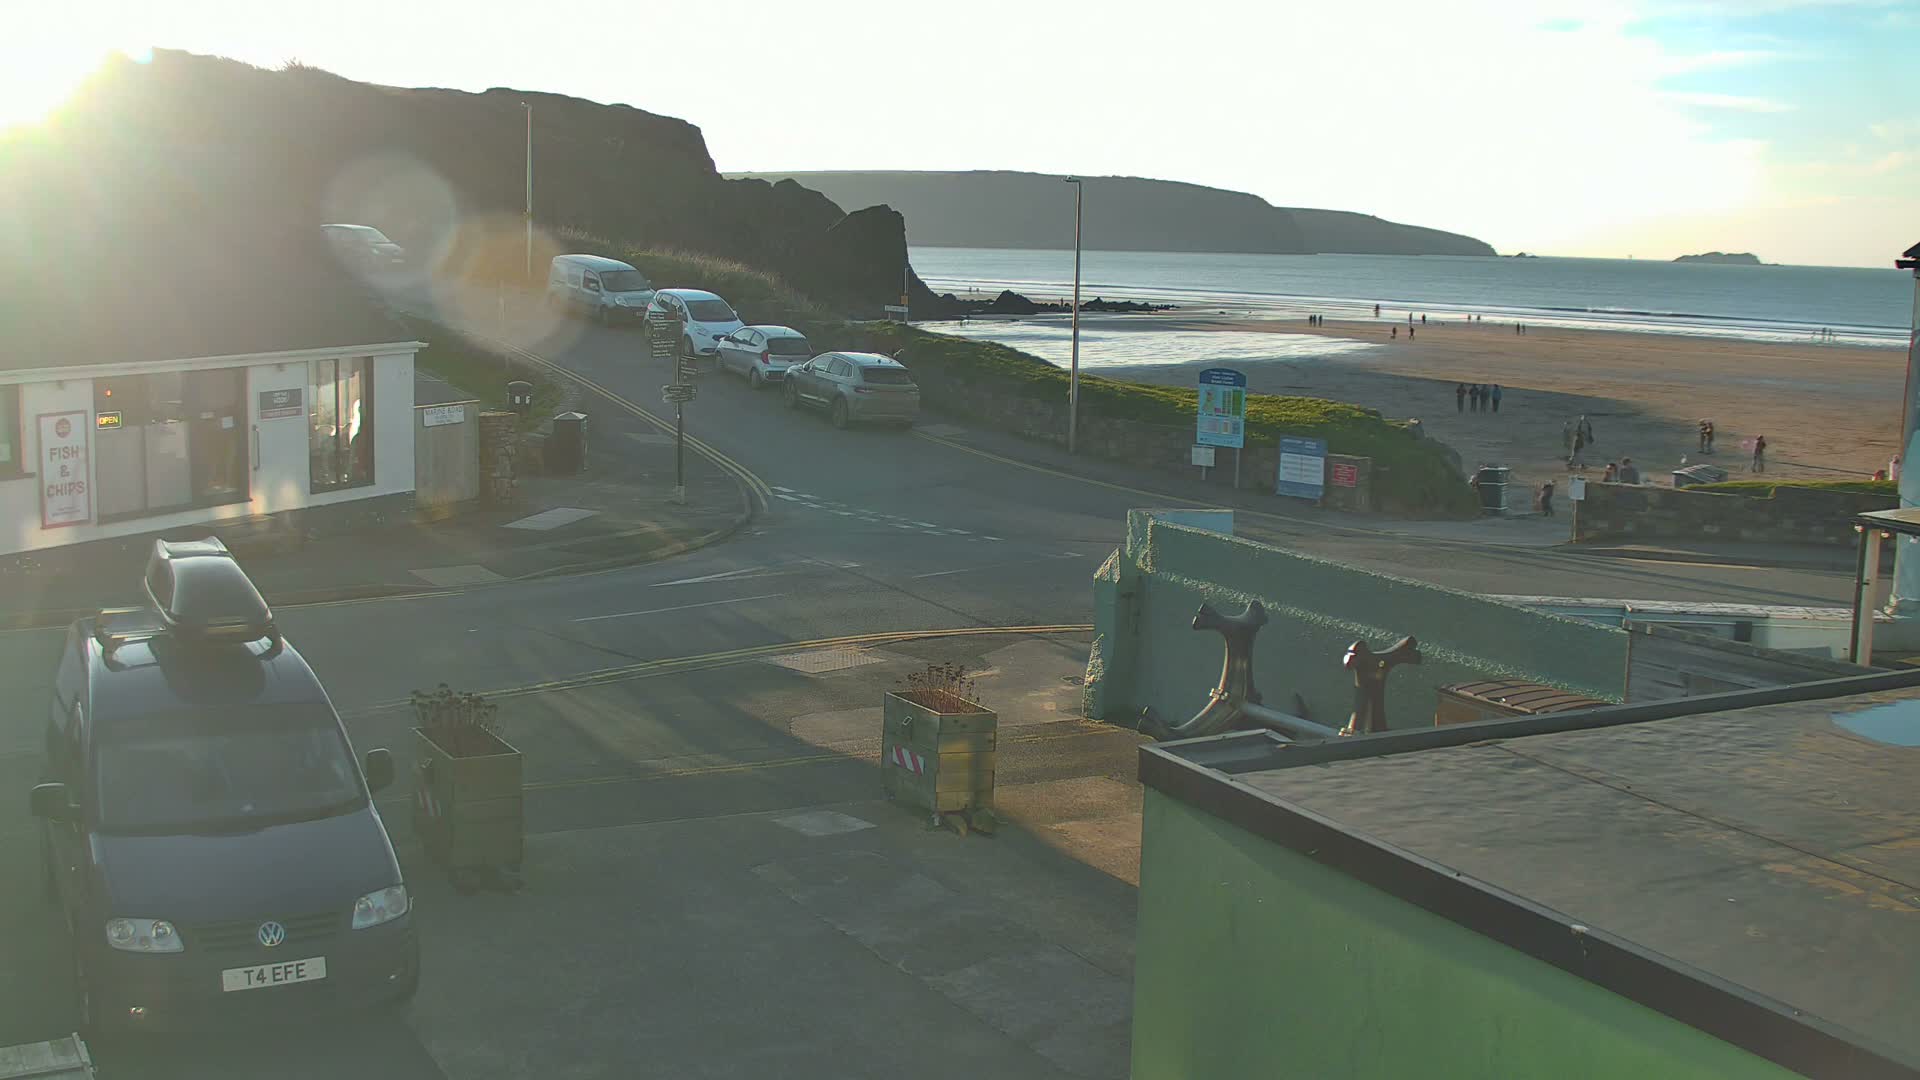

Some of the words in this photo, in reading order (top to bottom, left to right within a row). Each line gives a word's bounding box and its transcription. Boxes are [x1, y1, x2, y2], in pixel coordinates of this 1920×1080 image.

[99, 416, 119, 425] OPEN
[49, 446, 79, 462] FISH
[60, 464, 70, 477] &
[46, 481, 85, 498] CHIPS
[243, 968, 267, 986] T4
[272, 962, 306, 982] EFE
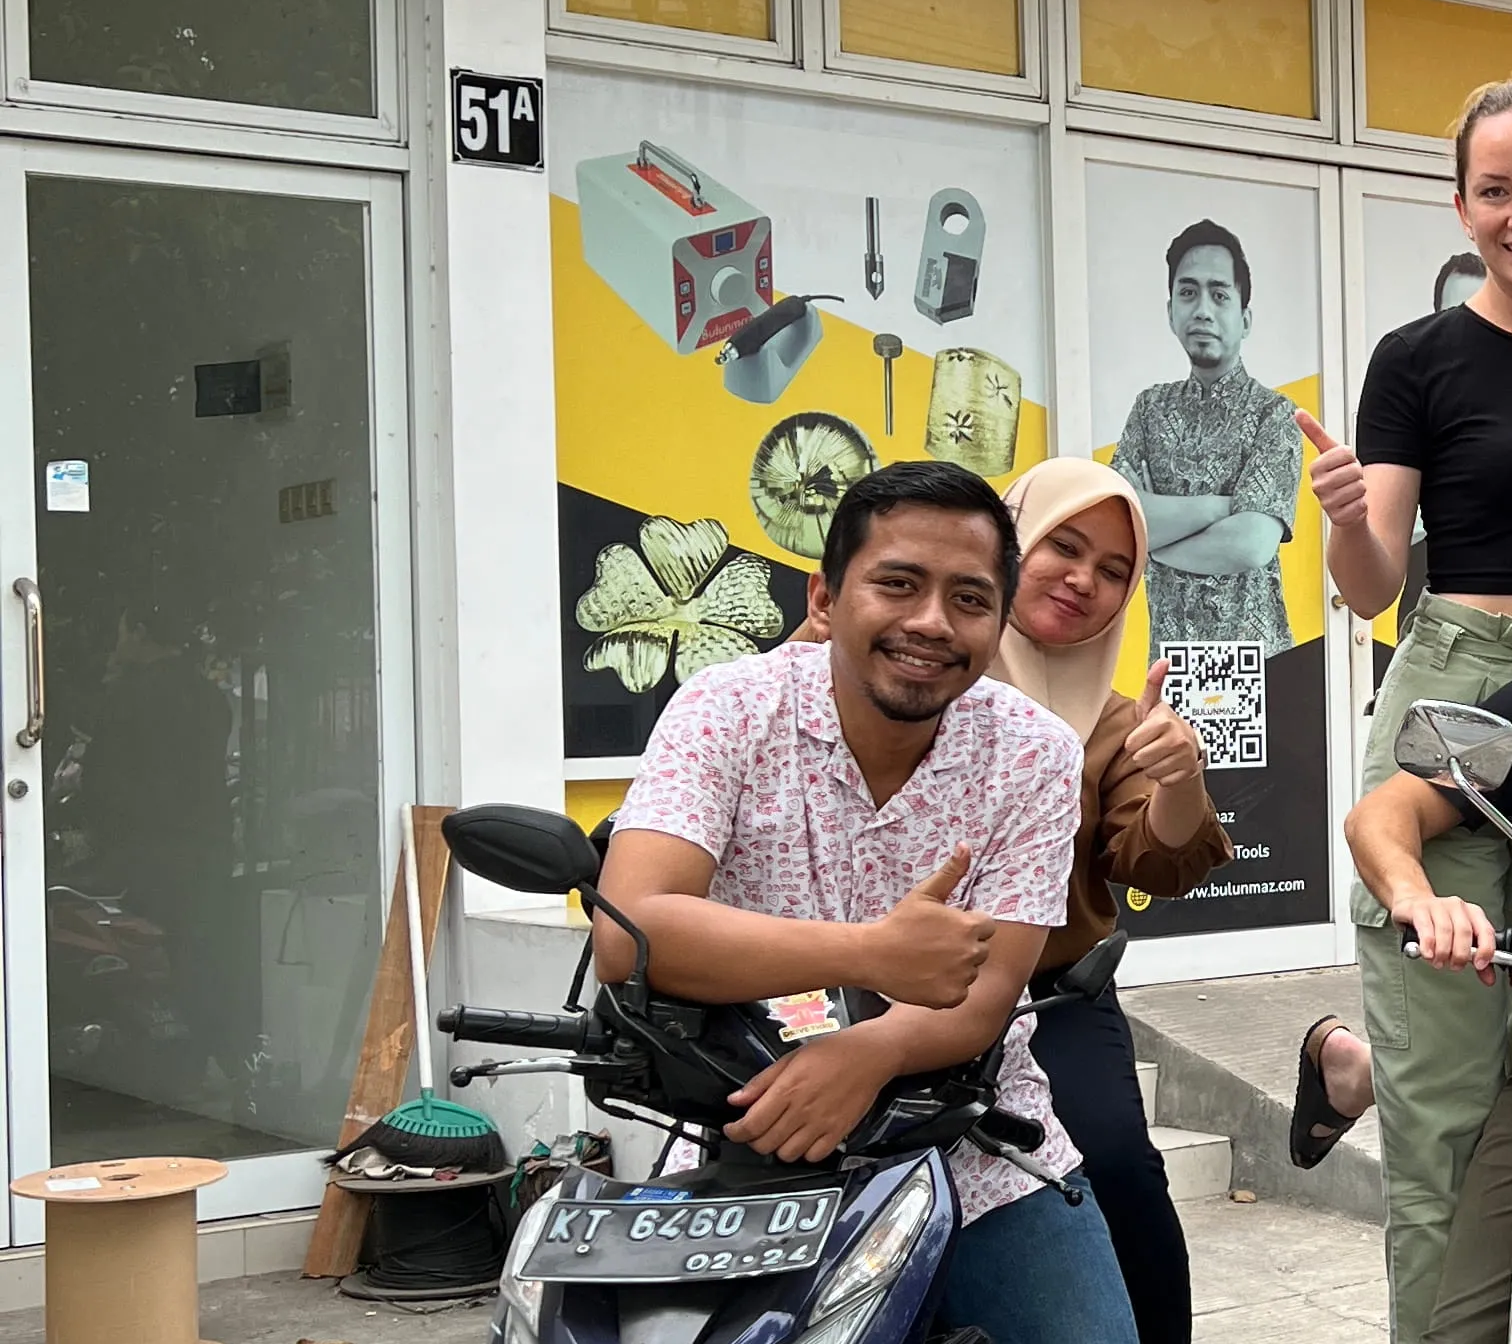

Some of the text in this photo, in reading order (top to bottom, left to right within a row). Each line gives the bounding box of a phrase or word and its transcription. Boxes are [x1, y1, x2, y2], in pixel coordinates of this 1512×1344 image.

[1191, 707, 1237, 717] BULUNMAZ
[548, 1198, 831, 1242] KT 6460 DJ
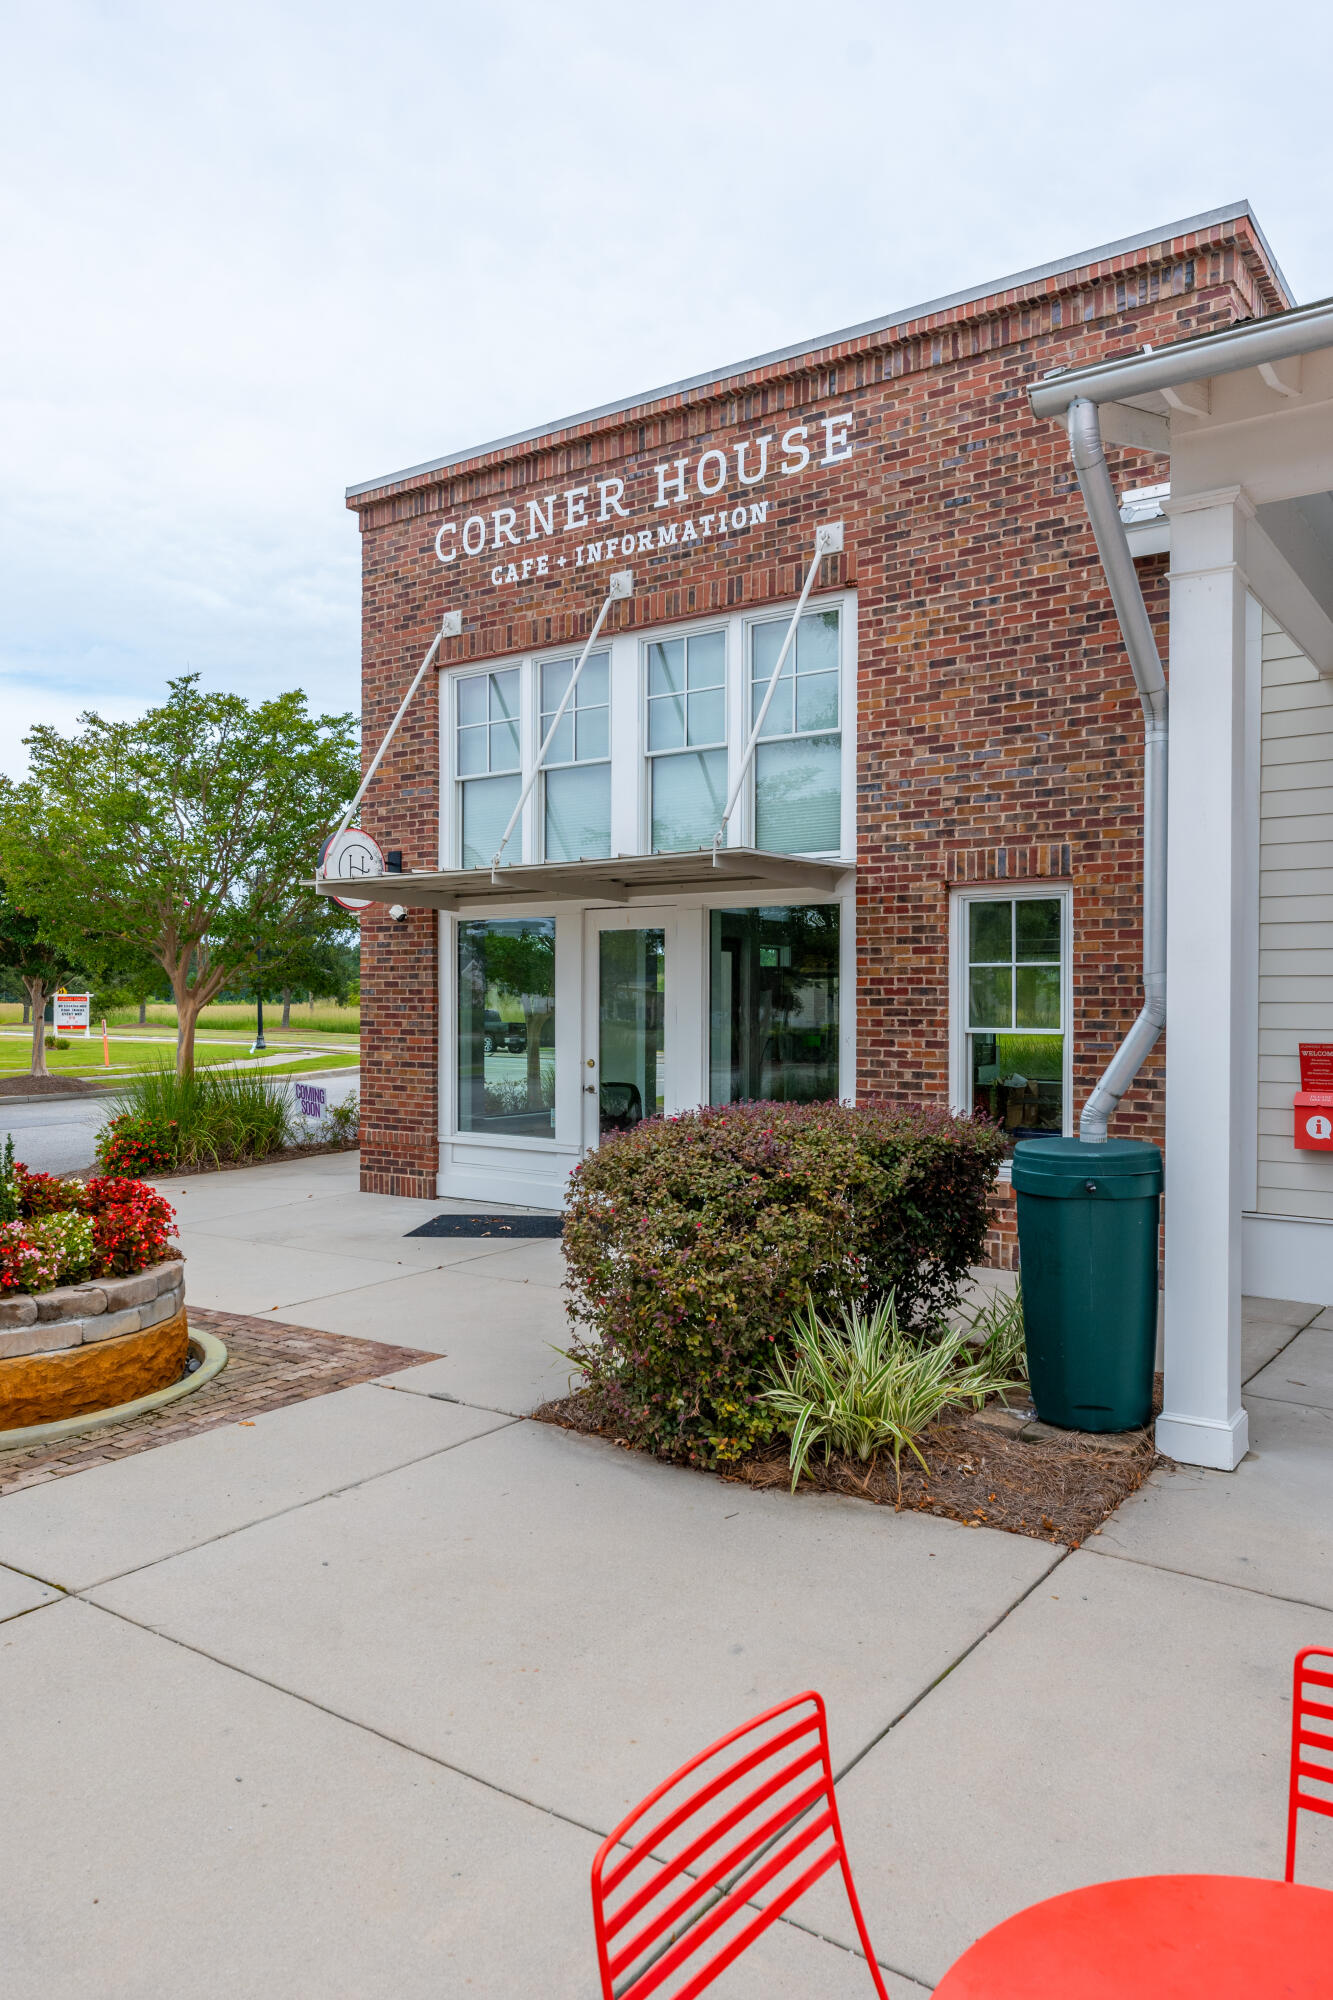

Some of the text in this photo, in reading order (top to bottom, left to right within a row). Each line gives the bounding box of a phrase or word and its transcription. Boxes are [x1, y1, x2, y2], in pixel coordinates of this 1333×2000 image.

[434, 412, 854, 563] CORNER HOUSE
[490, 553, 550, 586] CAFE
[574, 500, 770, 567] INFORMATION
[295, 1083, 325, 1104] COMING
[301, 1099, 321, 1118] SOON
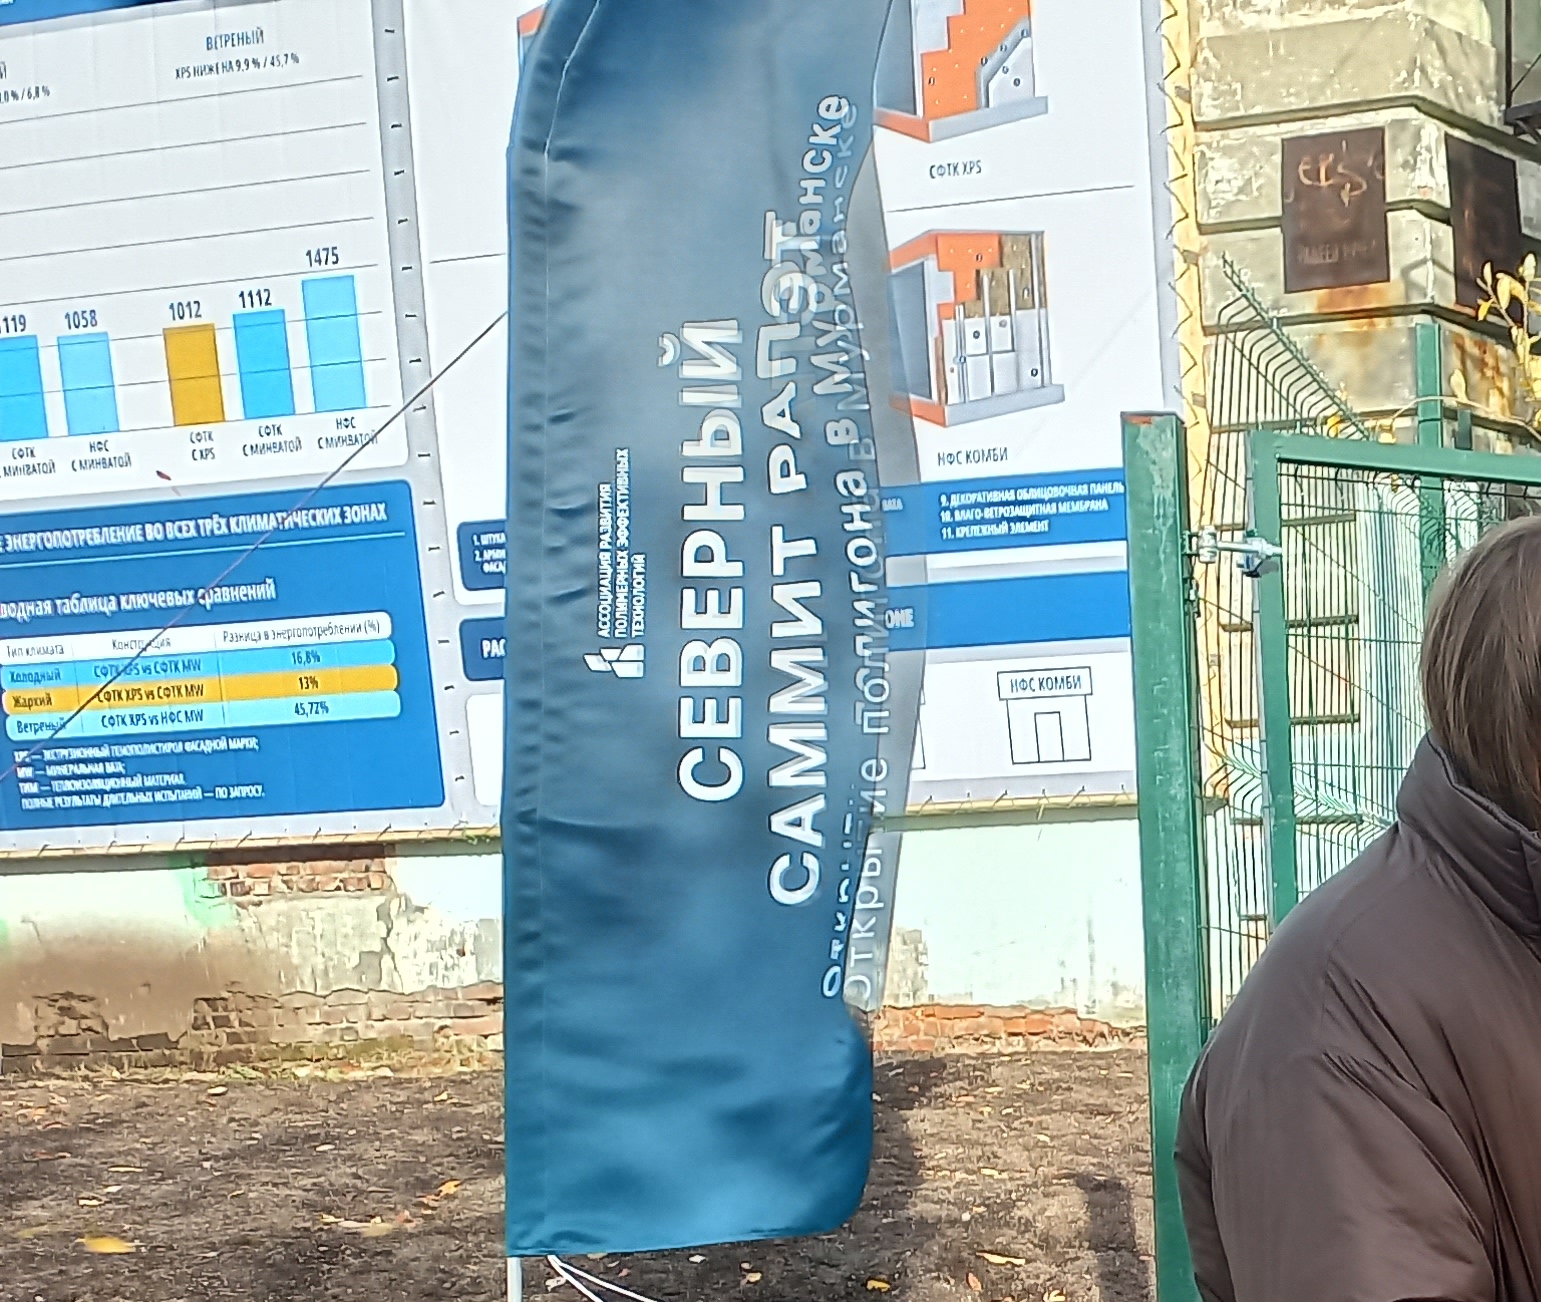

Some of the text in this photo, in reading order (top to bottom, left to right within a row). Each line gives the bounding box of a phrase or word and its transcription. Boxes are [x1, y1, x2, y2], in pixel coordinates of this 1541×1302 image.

> [Activity] Each entry gets copied exactly; the pictures stay out.

> [Response]
Some of the words in this photo, in reading order (top to bottom, left to right within a row). Each line gives a word's bounding box and its transcription. Boxes are [x1, y1, x2, y2], in pixel coordinates of this 1920×1080 image.

[99, 416, 119, 425] OPEN
[49, 446, 79, 462] FISH
[60, 464, 70, 477] &
[46, 481, 85, 498] CHIPS
[243, 968, 267, 986] T4
[272, 962, 306, 982] EFE

Some of the text in this photo, in reading order (top to bottom, left to right within a row). Each line gives the bounding box of a phrase or word and its transcription. Boxes are [x1, y1, x2, y2], in pixel coordinates of this 1512×1344 image.

[1191, 707, 1237, 717] BULUNMAZ
[548, 1198, 831, 1242] KT 6460 DJ

Some of the text in this photo, in reading order (top to bottom, left to right within a row). Each line gives the bounding box of a phrase or word and its transcription. Boxes are [x1, y1, x2, y2], in pixel coordinates of this 1333×2000 image.

[434, 412, 854, 563] CORNER HOUSE
[490, 553, 550, 586] CAFE
[574, 500, 770, 567] INFORMATION
[295, 1083, 325, 1104] COMING
[301, 1099, 321, 1118] SOON

Some of the text in this photo, in reading order (top to bottom, left to right within a row). Each line gives the bounding box of a phrase or word and its transcription. Boxes are [x1, y1, x2, y2], in pixel coordinates of this 1541×1302 image.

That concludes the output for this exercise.